CPI (M) leader and former vice-president of the All India Democratic Women’s Association (AIDWA) Mythily Sivaraman died in Chennai on Sunday. She was 81 and is survived by her husband Karunakaran and daughter Kalpana Karunakaran.
She was not keeping well for the last 10 years and suffering from memory loss due to Alzheimer’s disease. A few days ago, she tested positive for COVID-19 and succumbed to the disease.

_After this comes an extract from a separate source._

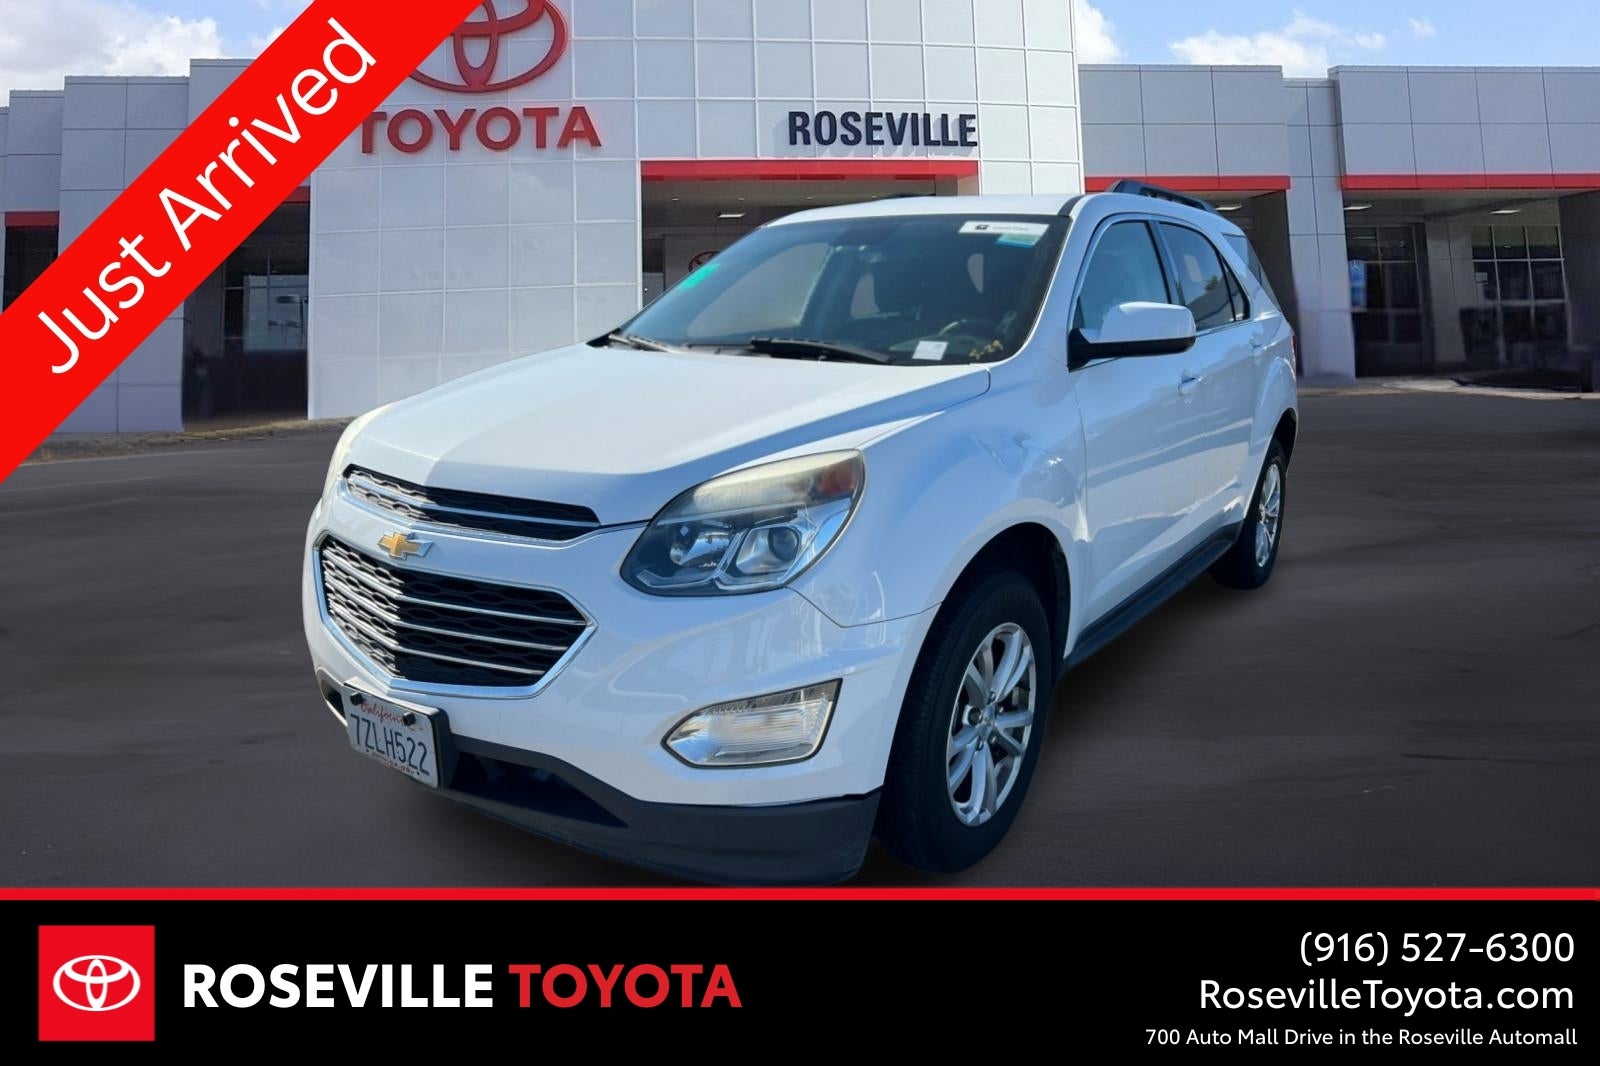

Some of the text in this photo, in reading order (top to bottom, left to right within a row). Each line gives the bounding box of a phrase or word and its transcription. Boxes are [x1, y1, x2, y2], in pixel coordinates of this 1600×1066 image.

[361, 106, 602, 154] TOYOTA
[788, 111, 978, 147] ROSEVILLE
[350, 713, 430, 776] 7ZLH522

“It was she who, through her writings, drew people’s attention to the massacre of Dalits in Keezhvenmani in east Thanjavur. She was also instrumental in creating awareness against imperialism and the war in Vietnam,” said K. Chandru, former judge of the Madras High Court and a friend of Ms. Sivaraman for 53 years.
“I still remember the first meeting she addressed at Mangolai in Mylapore against the Vietnam war. We maintained our friendship even after I was expelled from the CPI (M). She attended my swearing-in ceremony as the judge of the Madras High Court,” said Justice Chandru, who dedicated his Tamil book book Order Order to her.
Educated in Syracuse University, Ms. Sivaraman had a promising career in the United Nations.
“She worked in the United Nations Special Committee on Decolonisation and visited Cuba without a passport. After her return to India, she was looking for a political space and met Gandhian Vinoba Bhave. He asked her to meet Sarvodaya leaders Jagannathan and Krishnammal Jagannathan. She visited Keezhvenmani with Krishnammal,” said writer and historian V. Geetha, who compiled the essays of Ms. Sivaraman, Haunted by Fire: Essays on Caste, Class, Exploitation and Emancipation , along with Kalpana Karunakaran.
Justice Chandru said she became the editor of Radical Review after former Union Minister P. Chidambaram quit the post. “We all joined CPI (M) and in the beginning she worked with the CITU. She was one of the co-founders of the AIDWA,” he said.
Ms. Geetha said Ms. Sivaraman focussed her attention on the issue of casteism and combined it with class struggle.